Dall’altra parte della sera

Ai piedi della scalinata c’è un chioschetto: è lì che dovrò lasciare metà dei miei sogni.
Mi muovo a fatica verso la meta, mentre ancora risuona l’eco delle canzoni di Patti Smith.

Because the night belongs to lovers.
“Ecco, questa è una delle sue canzoni più famose.”
“Ah, ok.”
Muoviamo in fretta i nostri passi e ci allontaniamo, mentre l’effetto Doppler fa tutto il resto: distorce, allontana e rende innocua una malinconica ironia.

I ricordi svaniscono e mi ritrovo nel classico trambusto pre concerto.

“Ciao, sei in coda per i biglietti? Ne avrei uno in più.”
“Sì. Dai, te lo compro.”
“Grazie. Sai, lei non mi ha raggiunto…”
“Capisco.”

Penso alle volte in cui ho lanciato la mia malcelata tristezza addosso a perfetti sconosciuti. Troppe, forse. Mi ridesto.

“Grazie di nuovo e scusami.”
“Figurati, grazie a te.”

Mi tuffo nella mischia e mi avvicino il più possibile al palco.
Finalmente ti ascolto dal vivo, poeta chiacchierato. Finalmente posso guardarti negli occhi, mentre mi racconti le tue storie. E mentre lei non c’è.

Si spengono le luci e una piccola lampada inizia a dondolare.

E tu non potevi saperlo, ma dopo qualche giorno ti avrei regalato un orsetto viola. Chissà se lo tieni ancora con te. Chissà.

Da solo.

Tutto appare e suona come nuovo, compreso il silenzio prodotto dalle file d’alberi cupi, che si parano davanti a questo piccolo appartamento.

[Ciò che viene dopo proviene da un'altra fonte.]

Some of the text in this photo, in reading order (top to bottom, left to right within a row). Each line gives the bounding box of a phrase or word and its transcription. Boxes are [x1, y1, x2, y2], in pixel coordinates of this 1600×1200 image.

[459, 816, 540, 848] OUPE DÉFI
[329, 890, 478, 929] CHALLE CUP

Interpreto questa novità come una sorta di muro sonoro silente, sul quale il tempo ode, ben chiare, le nostre parole.

Eppure mi ritrovo da solo, a misurare distanze ancora sconosciute, accompagnato dalla foschia di un novembre affumicato.
Scendo spesso in strada a fotografare la luna, per dedicartela.
Poi penso che vorrei regalartela, la luna, anche se non me l’hai chiesta.
Alla fine di questo anno di cambiamenti ci sei tu, dall’altra parte della sera, ed è tutto così strano, perché non sono innamorato di te, ma sei ormai il mio quotidiano, nell’attesa, nella lontananza, nelle gioie dei piccoli traguardi e nella tensione delle nuove partenze.

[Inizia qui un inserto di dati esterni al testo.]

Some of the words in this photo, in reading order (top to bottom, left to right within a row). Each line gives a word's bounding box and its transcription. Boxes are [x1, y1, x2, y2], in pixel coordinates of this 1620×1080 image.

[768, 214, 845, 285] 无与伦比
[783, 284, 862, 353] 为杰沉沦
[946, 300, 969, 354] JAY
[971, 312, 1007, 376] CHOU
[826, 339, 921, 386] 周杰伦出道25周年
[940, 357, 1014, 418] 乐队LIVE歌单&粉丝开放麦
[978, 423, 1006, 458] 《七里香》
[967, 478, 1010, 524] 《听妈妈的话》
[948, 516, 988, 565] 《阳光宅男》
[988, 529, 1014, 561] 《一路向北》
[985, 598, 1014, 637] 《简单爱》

È un album molto invernale, mi dici. Lo ascolto e quella sensazione sale precisa a prendermi prima lo stomaco, poi la gola e infine il cervello. Fumo, rigirando tra le dita custodia e libretto. Lo faccio con quell’aria un po’ istrionica e buffa che mi appartiene, cercando, tuttavia, di darmi un tono; come se qualcuno mi stesse riprendendo con una camera.
Conosco i tuoi occhi e so che sono lì, dietro quella tenda che, un giorno, cambieremo.

Spesso ascolto solo quella canzone; per il momento, sono permeato da quella forza che consente di vivere una strana storia in clandestinità.
Domani, penso, domani finirà.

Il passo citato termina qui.